*** Begin section ***

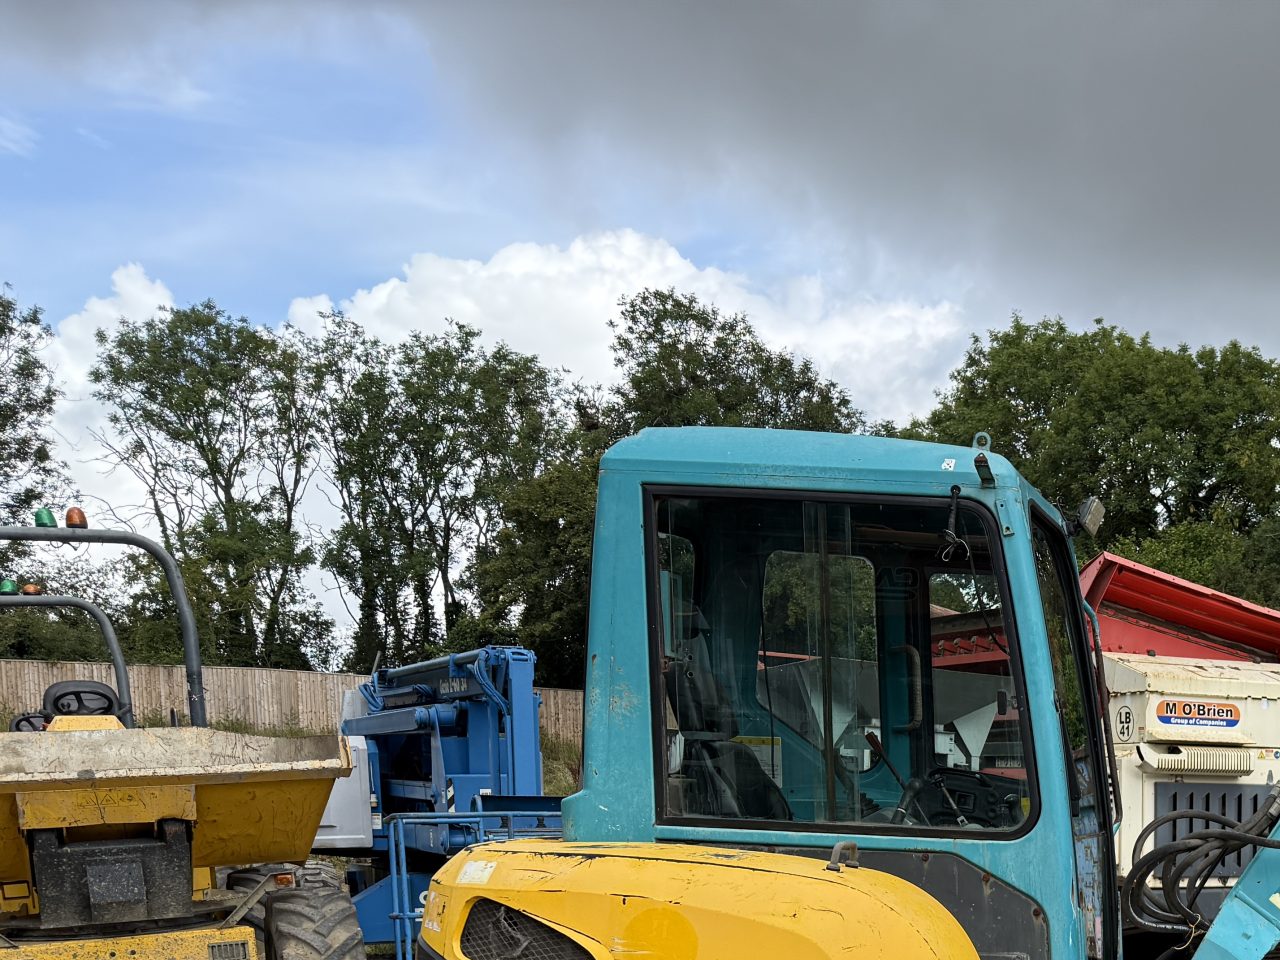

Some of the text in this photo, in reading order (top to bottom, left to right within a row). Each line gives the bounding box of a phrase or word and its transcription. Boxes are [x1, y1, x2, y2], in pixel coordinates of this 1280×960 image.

[1165, 703, 1177, 715] M
[1119, 712, 1131, 724] LB
[1170, 717, 1188, 725] Group
[1196, 718, 1227, 726] Companies
[1119, 725, 1130, 737] 41
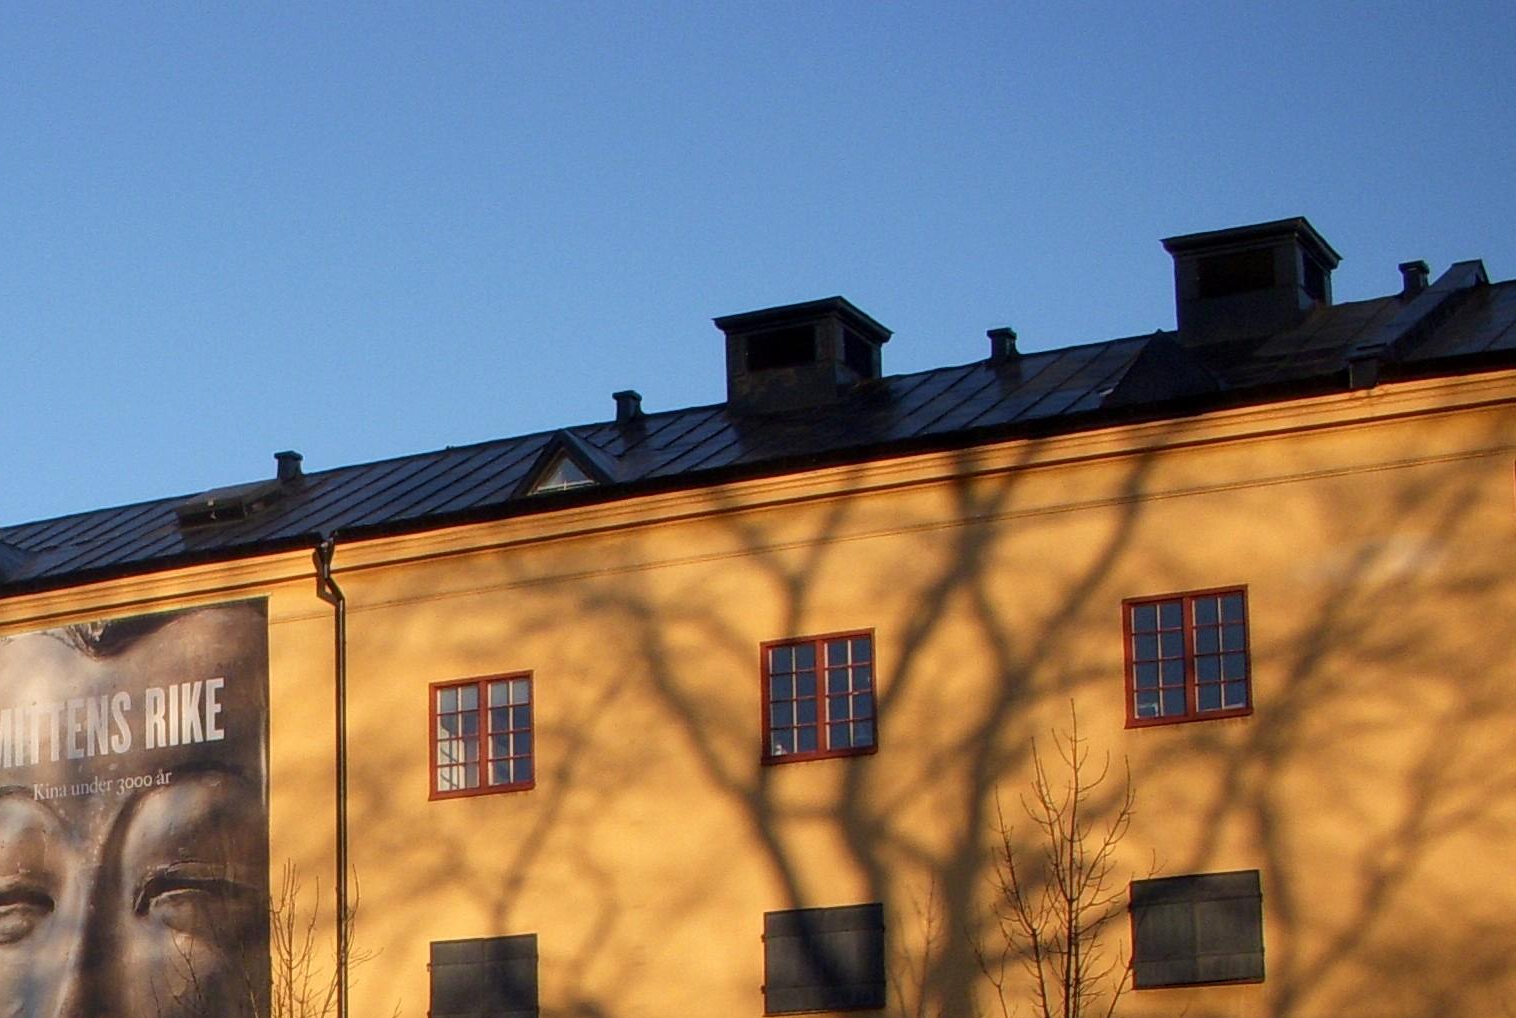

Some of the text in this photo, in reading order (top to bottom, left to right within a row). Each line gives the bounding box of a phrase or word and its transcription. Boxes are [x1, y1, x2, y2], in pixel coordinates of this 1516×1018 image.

[145, 677, 226, 750] RIKE
[33, 768, 173, 800] Kina under 3000 år

*** End section ***

Work to be completed: Word for word, restate the lines from the one holding "this 1516×1018 image." to the last line of the records.

Expected answer:
Some of the text in this photo, in reading order (top to bottom, left to right within a row). Each line gives the bounding box of a phrase or word and its transcription. Boxes are [x1, y1, x2, y2], in pixel coordinates of this 1516×1018 image.

[145, 677, 226, 750] RIKE
[33, 768, 173, 800] Kina under 3000 år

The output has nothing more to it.